The earlier fiscal relief measures along with RBI’s measures constitute ₹9,94,403 crores, which leaves an effective amount of ₹11,02,650 crores. Thus, the immediate fiscal boost announced with such grandeur by the government is quite less than the promised amount because of the inclusion of RBI’s monetary measures, despite both being independent institutions. Direct investment by the government in the form of a boost to the aggregate demand guarantees immediate impetus to the economy, however, that might not be the case with the government’s indirect measures and RBI’s credit easing because the banks, instead of lending, might park the money back with the RBI, thus, rendering its help ineffective. Even if the banks transmit the liquidity measures from RBI to the citizens, the transmission procedure will not be smooth due to the prevailing inefficiency of monetary policy transfers.

The economic package includes a lot of measures spread over 5 tranches. However, there exists the problem of implementing those measures. A classic example is the provision of collateral-free automatic loans to MSMEs. There is a high risk of non-return to banks in such cases unless the businesses end up earning high-profits amidst a global crisis, that is if the MSMEs get the required loans after overcoming the hurdles of meeting the high credit score criteria, bearing high processing costs followed by tedious procedures, and still not receiving the entire amount applied for. 

Conclusion

Both ‘Aatmanirbhar Bharat Abhiyaan’ and the ‘Make In India Campaign’ attempt to attract Foreign Direct Investment by laying emphasis on the promotion of local products to help with the declining job market. However, this causes a critical problem in a developing country like India which needs to depend on cost-effective imports of several products in which it does not have a comparative advantage and the domestic production of which will lead to increased manufacturing cost, thus, leading to the loss of a competitive edge in the Global Market. Although, Aatmanirbhar Bharat Abhiyaan does possess an advantage due to the inclusion of agriculture, which had been neglected all this while.

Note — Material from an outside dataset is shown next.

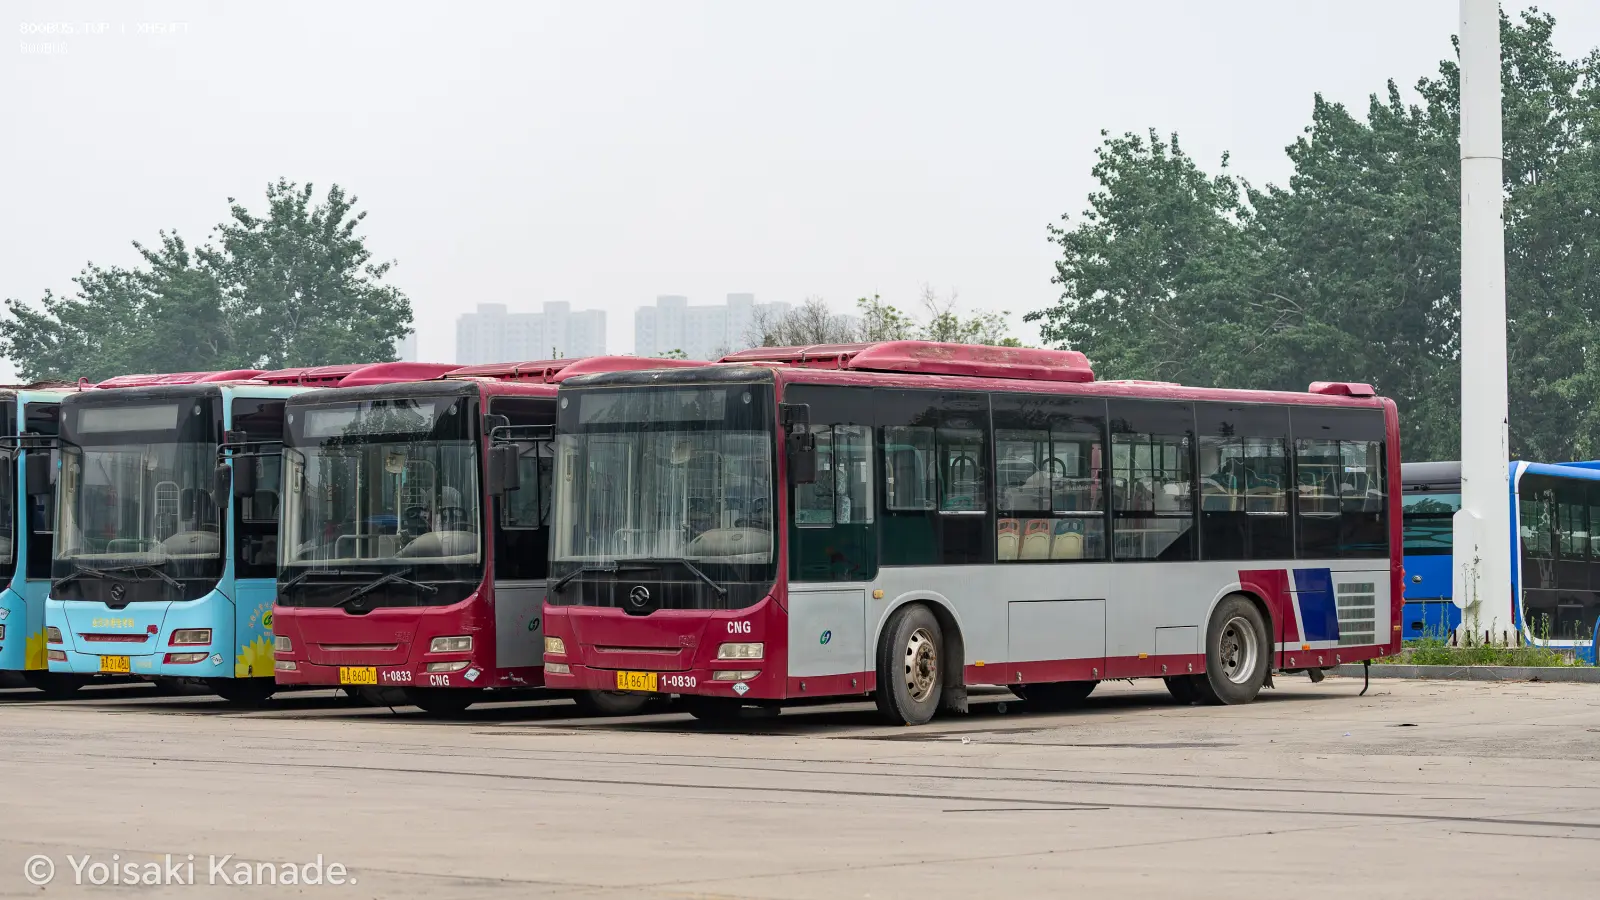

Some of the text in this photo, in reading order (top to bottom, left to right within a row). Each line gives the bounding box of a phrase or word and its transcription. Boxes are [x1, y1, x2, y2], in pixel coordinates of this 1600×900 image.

Although the package is very comprehensive and caters to the needs of all people, past history of failures due to the presence of corrupt bureaucracy raises the question of whether the relief package will have its desired effect. However, if the package is properly implemented and people are educated about the schemes through various drives and trained to utilize the benefits available to them, then there exists the possibility of success of the package through economic upliftment of the nation.